I’ve been impressed by kerchunk for datasets where the JSON references file is also of manageable size.
I recently had a use-case, however, that required processing a massive 100 TB+ dataset (SS1330 CHIRP AIRS L1C radiances) spanned by a very large number of files (1 million+ as we are talking data being archived at 6 minute granularity here) and the resulting JSON was many GB.
For this particular use-case the reference files are especially large even when attempting to turn off inlining and vlen encoding because simply put there are a ton of URLs and variables that need to be referenced.
Others have already noted how this can create problems with not only memory usage but also longer data access times.
(I also noticed this when looking at one of the case studies notebooks mentioned in the documentation for the MUR SST dataset which I would also imagine has a larger references file than for most and noticed in the provided benchmark numbers that although opening the full dataset was still a big improvement over pure netCDF, it still lags far behind the native zarr versions.)
That’s when the idea hit me: Rather than passing in entire JSON files, maybe it would make sense to store the kerchunk references themselves as another zarr store.

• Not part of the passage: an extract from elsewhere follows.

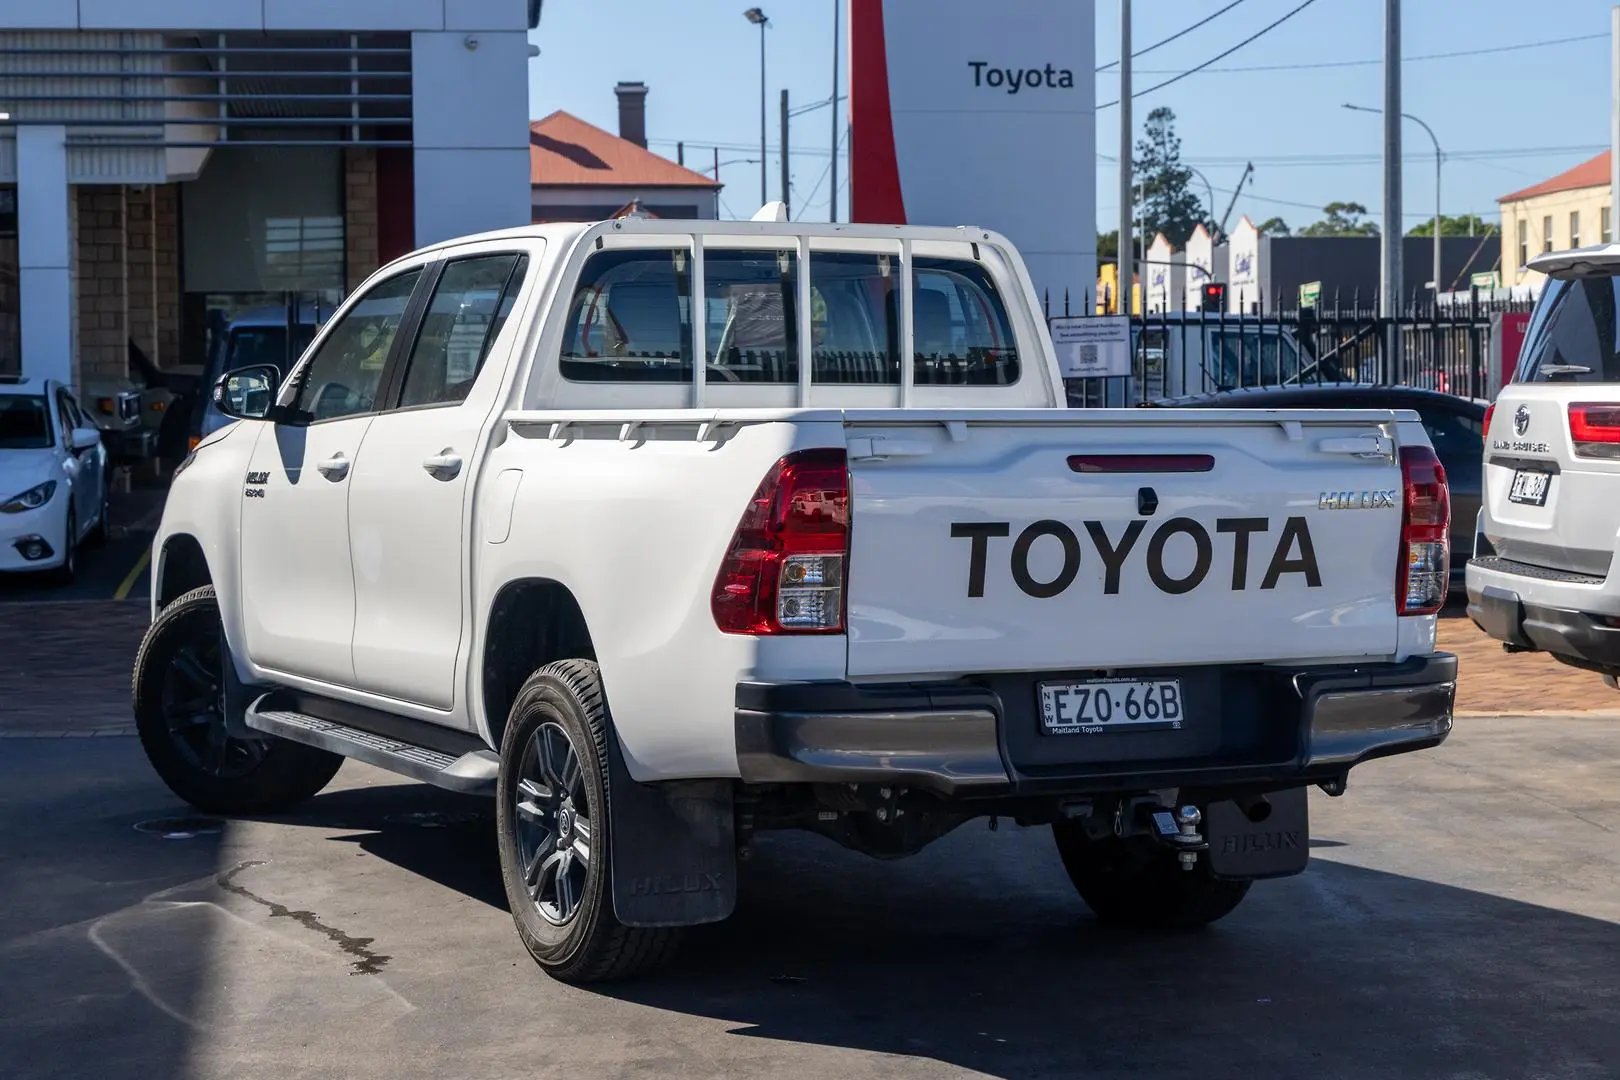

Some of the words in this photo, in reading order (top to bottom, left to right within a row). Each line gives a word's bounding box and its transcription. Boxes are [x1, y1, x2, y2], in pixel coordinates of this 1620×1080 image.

[968, 62, 1074, 94] Toyota
[1318, 489, 1396, 510] HILUX
[950, 516, 1322, 598] TOYOTA
[1081, 726, 1104, 735] Toyota

I don’t know if others have already tried something like this but I used this approach to dramatically improve the performance for use-cases with large number of files and variables, which is often the case for satellite datasets available from NASA Earthdata cloud.
I have provided the details with some quick benchmarks shown in this notebook.
The approach is to generate a pseudo-zarr store-like directory structure with the actual JSON with the byte ranges taking the place of the chunked array files, then use an fsspec supported filesystem mapping (wrapped by a preprocessor to format the data correctly) as the input to the fsspec reference filesystem in place of the JSON references file. The end result looks something like this:
local_fs = fsspec.filesystem('file') # can also be s3fs, gcsfs, etc mapper = ReferencesPreprocessor(local_fs.get_mapper(store_name)) ref_fs = fsspec.filesystem('reference', fo=mapper, **storage_options) ds = xr.open_zarr(ref_fs.get_mapper(''), consolidated=True)
I have not extensively tested yet so I do not yet know how robust it is in a production setting but I have gotten very promising results so far. Would like to hear any thoughts and comments from others. If this proves to be useful I think it would be great if perhaps some of these changes could make their way upstream to fsspec and/or kerchunk since some aspects of the trick (particularly the preprocessor) feel kind of hacky to implement.